6 years, 1 month, 3 weeks and 5 days is how long it took to fill the pages of my first journal. At various times in my life I would begin journaling because it seemed like a fun thing to do, but it usually never lasted more than the first couple of pages before it was re-purposed. This journal in particular was a lot nicer than the others I had and I willed myself to use it because it was too expensive and nice to neglect, and so my journaling began.
Not a very inspirational beginning, but it was in that practical moment that a meaningful habit began. I initially began journaling because I thought it would be a great way to highlight moments in life and be able to look back and eventually share with my kids. I figured there would be moments to laugh at, embarrassingly skip through and ponder. I soon found I wasn’t very motivated to write about the details of my day, so I would just jot down impressionable dreams, an odd interaction or some problem I needed resolved etc.

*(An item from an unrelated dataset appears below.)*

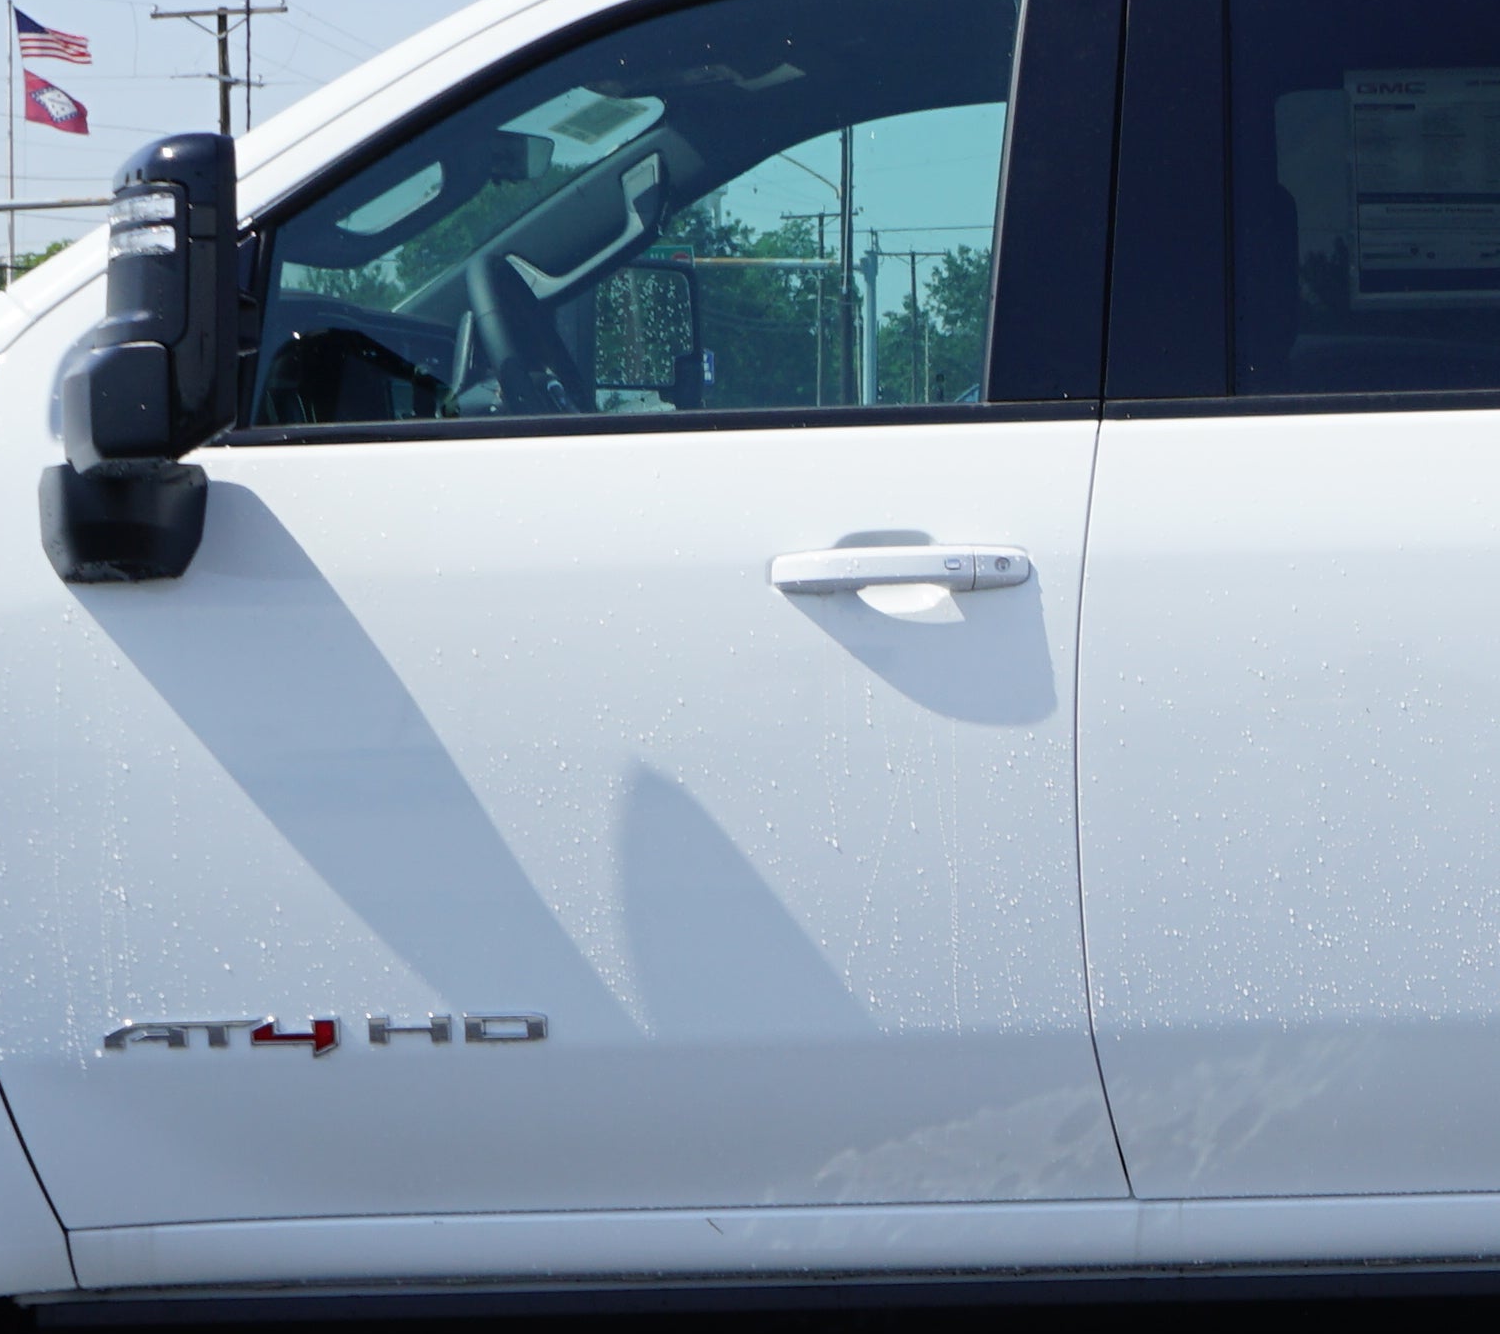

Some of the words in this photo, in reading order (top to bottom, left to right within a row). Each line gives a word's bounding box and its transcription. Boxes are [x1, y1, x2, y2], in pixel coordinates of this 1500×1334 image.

[1356, 80, 1426, 95] GMC
[104, 1016, 341, 1059] AT4
[368, 1012, 547, 1045] HD

The first four years cover about ¼ of the journal. It is not until the last 2 years that I actually started writing more consistently. I would occasionally reread the previous entries and then one day I started gleaning insights about myself and how God was speaking and working through me that I had not noticed before. It began with a dream I wrote down years ago that I realized mirrored a situation that was playing itself out presently. Then there was another dream that seemed totally wonky when I wrote it all of a sudden made sense. I saw things that I felt God impressing on me in the moment written in my journal from years before that I had totally forgotten. I began to see God’s hand at work in my life in ways I overlooked and would not have noticed if I didn’t take the time to write it down. The more I wrote, the more I noticed and every since then I have been a firm believer in the gift of journaling.

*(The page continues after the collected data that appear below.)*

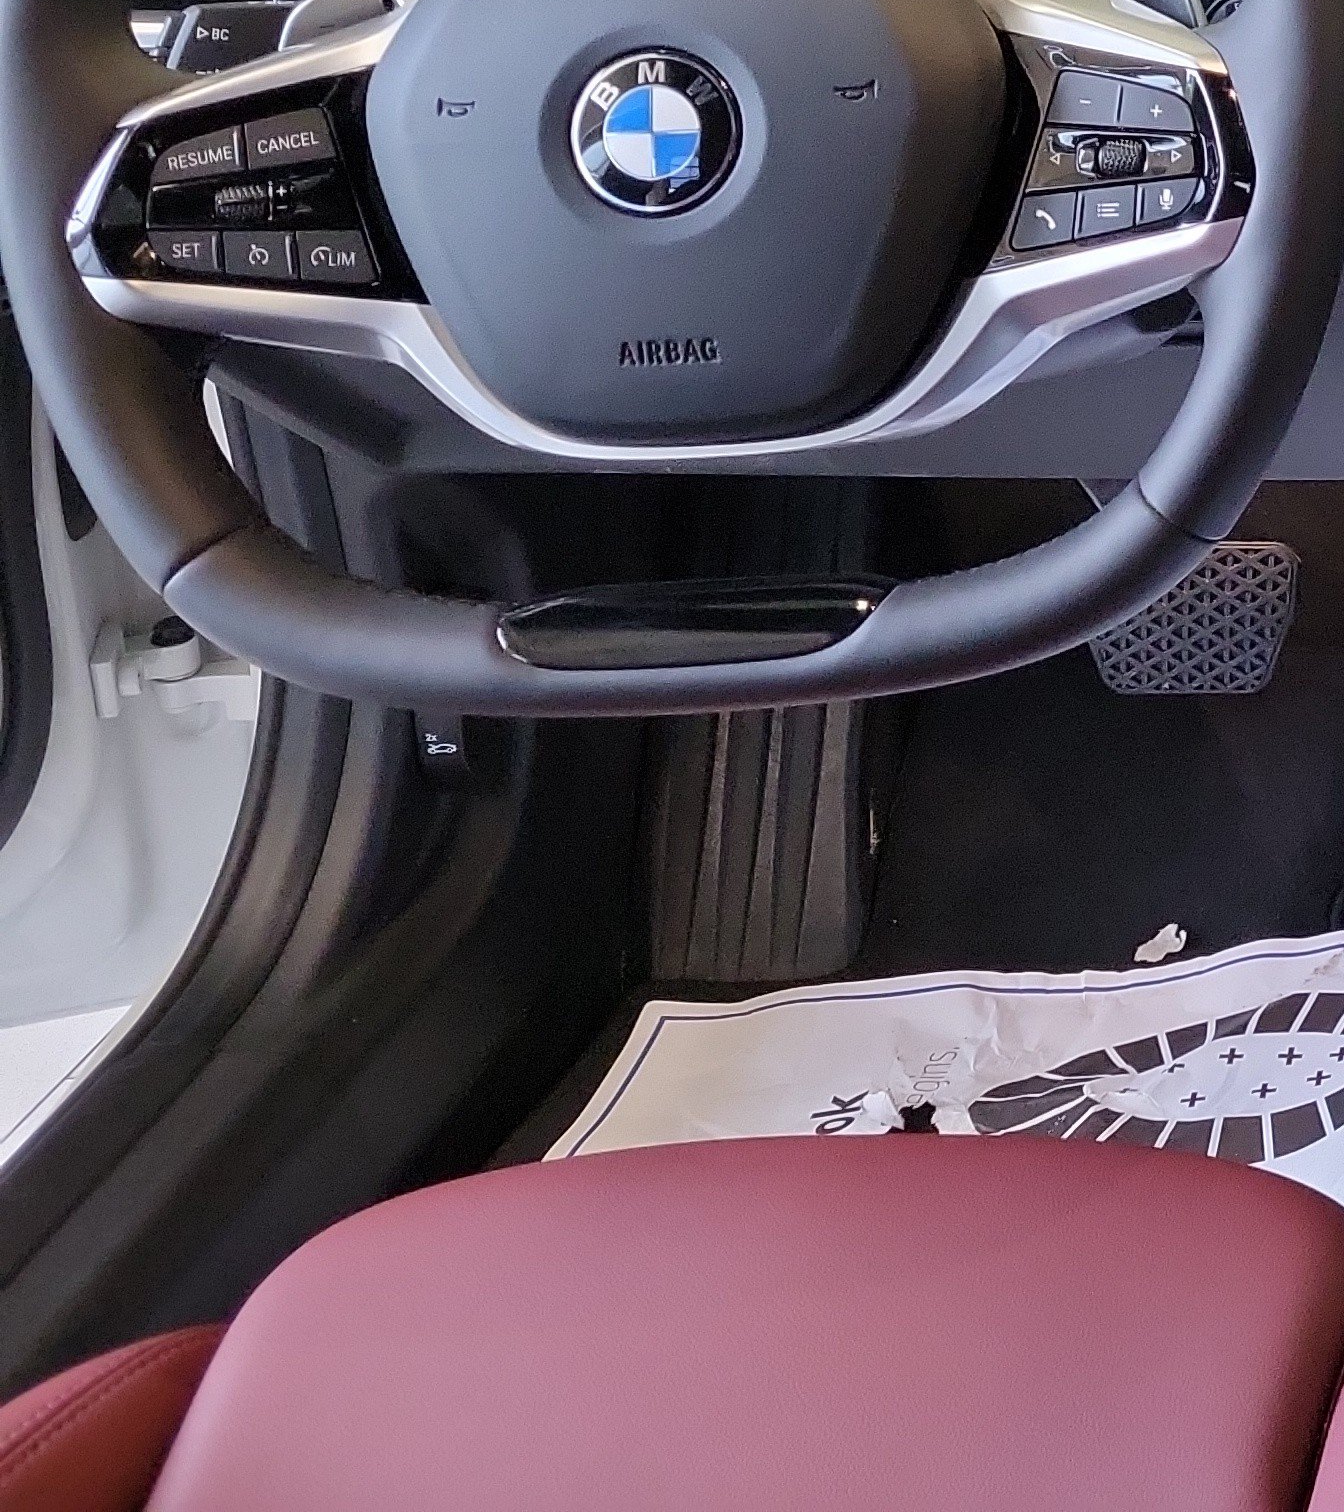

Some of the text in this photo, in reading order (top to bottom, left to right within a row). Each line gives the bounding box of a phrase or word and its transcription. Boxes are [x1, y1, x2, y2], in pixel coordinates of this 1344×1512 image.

[592, 60, 720, 112] BMW
[257, 131, 319, 155] CANCEL
[167, 145, 234, 172] RESUME
[172, 243, 200, 259] SET
[328, 251, 355, 268] LIM
[617, 338, 721, 368] AIRBAG

The busier we get the easier our lives feel out of control. We move on from one thing to the next before you can even digest what just happened. I am guilty of this as much as the next person. This is why journaling is honestly hard for me. I do not want to sit and take the time and rehearse and reflect on what has happened, because the next thing is waiting to happen. But when I do I am truly blessed by it and following in a tradition that God has marked out for us.

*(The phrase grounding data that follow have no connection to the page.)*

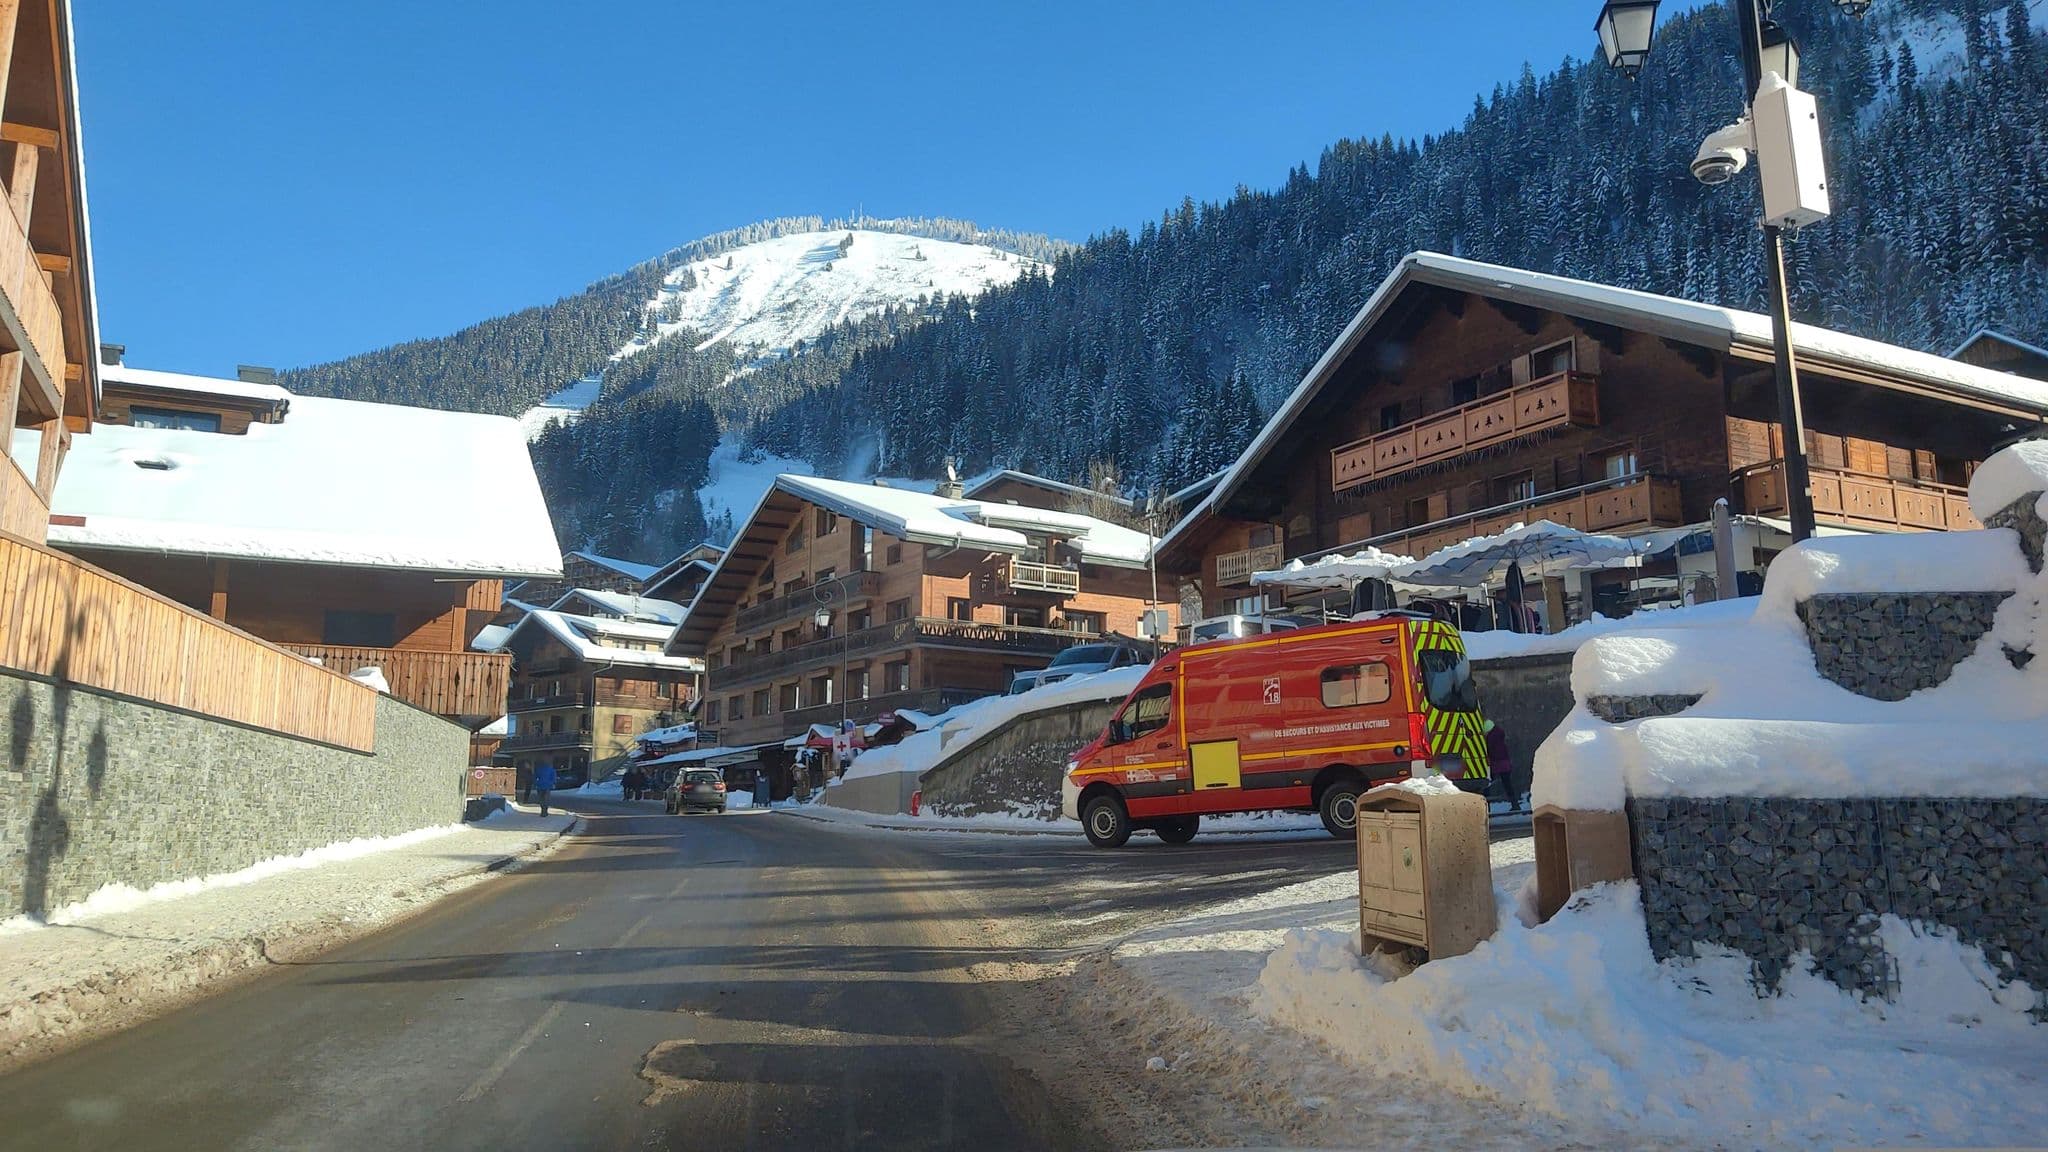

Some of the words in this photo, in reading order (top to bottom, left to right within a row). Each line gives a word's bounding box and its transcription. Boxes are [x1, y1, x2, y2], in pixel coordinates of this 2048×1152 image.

[1268, 691, 1279, 702] 18
[1275, 729, 1282, 738] DE
[1282, 728, 1307, 737] SECOURS
[1307, 727, 1314, 736] ET
[1315, 724, 1351, 735] D'ASSISTANCE
[1352, 721, 1363, 731] AUX
[1364, 719, 1390, 730] VICTIMES

The Bible is the recorded history of God and Man’s story through time. We memorize verses, stories and whole books as a way to grow in our knowledge, conform our behaviors and be edified. We celebrate the triumphs of God, Israel and the Church from thousands of years ago, but we often do not include the story of what God is doing today in us and through us.
Just as the Israelite's, God did spectacular and ‘ordinary’ things in their history that they easily forgot along the way. Constantly, as God established them they were encouraged and commanded to write it down, build a memorial in memory, to remember what took place in the moment. And constantly along their journey they made reference back to those things as reminders of God’s faithfulness, to be reassured, to bring about repentance and to celebrate etc. Remembering helped to connect the dots of the present moment and more deeply connect them with their Creator.
This is what journaling is for me. I get to add my story to the continuing narrative of God’s present work. When I look back at many times very simple words, I am reminded of the extraordinary and the ordinary miracles that God worked on my behalf, and I give God glory once again. I am reassured of His good intentions towards me. I am reminded of my failures and brought to my knees in repentance as well as humbled by the blessings He performed through me and I am thankful. The more I am reminded the more I seek to praise Him, repent and grow. Journaling for me has been a way to remember what can so easily be lost in the craziness of life. It is my memorial and continuing narrative of God’s faithfulness. What's yours?